_WORK REQUEST_
The answer is every record that follows, printed exactly.

_EXTRACTED MATERIAL_

═══

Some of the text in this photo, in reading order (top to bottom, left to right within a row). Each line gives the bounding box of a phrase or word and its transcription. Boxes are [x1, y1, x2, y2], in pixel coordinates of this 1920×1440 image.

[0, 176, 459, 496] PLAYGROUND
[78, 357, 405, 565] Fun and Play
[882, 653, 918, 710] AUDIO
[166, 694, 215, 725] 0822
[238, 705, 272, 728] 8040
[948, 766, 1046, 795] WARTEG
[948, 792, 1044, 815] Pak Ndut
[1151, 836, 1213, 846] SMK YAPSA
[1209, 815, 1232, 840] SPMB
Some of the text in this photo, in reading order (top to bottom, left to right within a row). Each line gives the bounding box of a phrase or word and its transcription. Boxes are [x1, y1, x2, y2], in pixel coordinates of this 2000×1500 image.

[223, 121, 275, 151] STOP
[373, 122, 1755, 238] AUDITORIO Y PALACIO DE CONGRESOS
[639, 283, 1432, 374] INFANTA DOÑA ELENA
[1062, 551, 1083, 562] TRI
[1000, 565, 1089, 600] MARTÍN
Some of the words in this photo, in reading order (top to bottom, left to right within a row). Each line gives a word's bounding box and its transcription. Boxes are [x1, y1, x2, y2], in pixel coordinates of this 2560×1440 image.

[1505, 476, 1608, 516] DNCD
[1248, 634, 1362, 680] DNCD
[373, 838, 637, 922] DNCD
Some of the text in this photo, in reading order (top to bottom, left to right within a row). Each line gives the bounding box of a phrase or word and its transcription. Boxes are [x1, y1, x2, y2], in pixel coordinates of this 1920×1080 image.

═══

_WORKED SOLUTION_
Some of the text in this photo, in reading order (top to bottom, left to right within a row). Each line gives the bounding box of a phrase or word and its transcription. Boxes are [x1, y1, x2, y2], in pixel coordinates of this 1920×1440 image.

[0, 176, 459, 496] PLAYGROUND
[78, 357, 405, 565] Fun and Play
[882, 653, 918, 710] AUDIO
[166, 694, 215, 725] 0822
[238, 705, 272, 728] 8040
[948, 766, 1046, 795] WARTEG
[948, 792, 1044, 815] Pak Ndut
[1151, 836, 1213, 846] SMK YAPSA
[1209, 815, 1232, 840] SPMB
Some of the text in this photo, in reading order (top to bottom, left to right within a row). Each line gives the bounding box of a phrase or word and its transcription. Boxes are [x1, y1, x2, y2], in pixel coordinates of this 2000×1500 image.

[223, 121, 275, 151] STOP
[373, 122, 1755, 238] AUDITORIO Y PALACIO DE CONGRESOS
[639, 283, 1432, 374] INFANTA DOÑA ELENA
[1062, 551, 1083, 562] TRI
[1000, 565, 1089, 600] MARTÍN
Some of the words in this photo, in reading order (top to bottom, left to right within a row). Each line gives a word's bounding box and its transcription. Boxes are [x1, y1, x2, y2], in pixel coordinates of this 2560×1440 image.

[1505, 476, 1608, 516] DNCD
[1248, 634, 1362, 680] DNCD
[373, 838, 637, 922] DNCD
Some of the text in this photo, in reading order (top to bottom, left to right within a row). Each line gives the bounding box of a phrase or word and its transcription. Boxes are [x1, y1, x2, y2], in pixel coordinates of this 1920×1080 image.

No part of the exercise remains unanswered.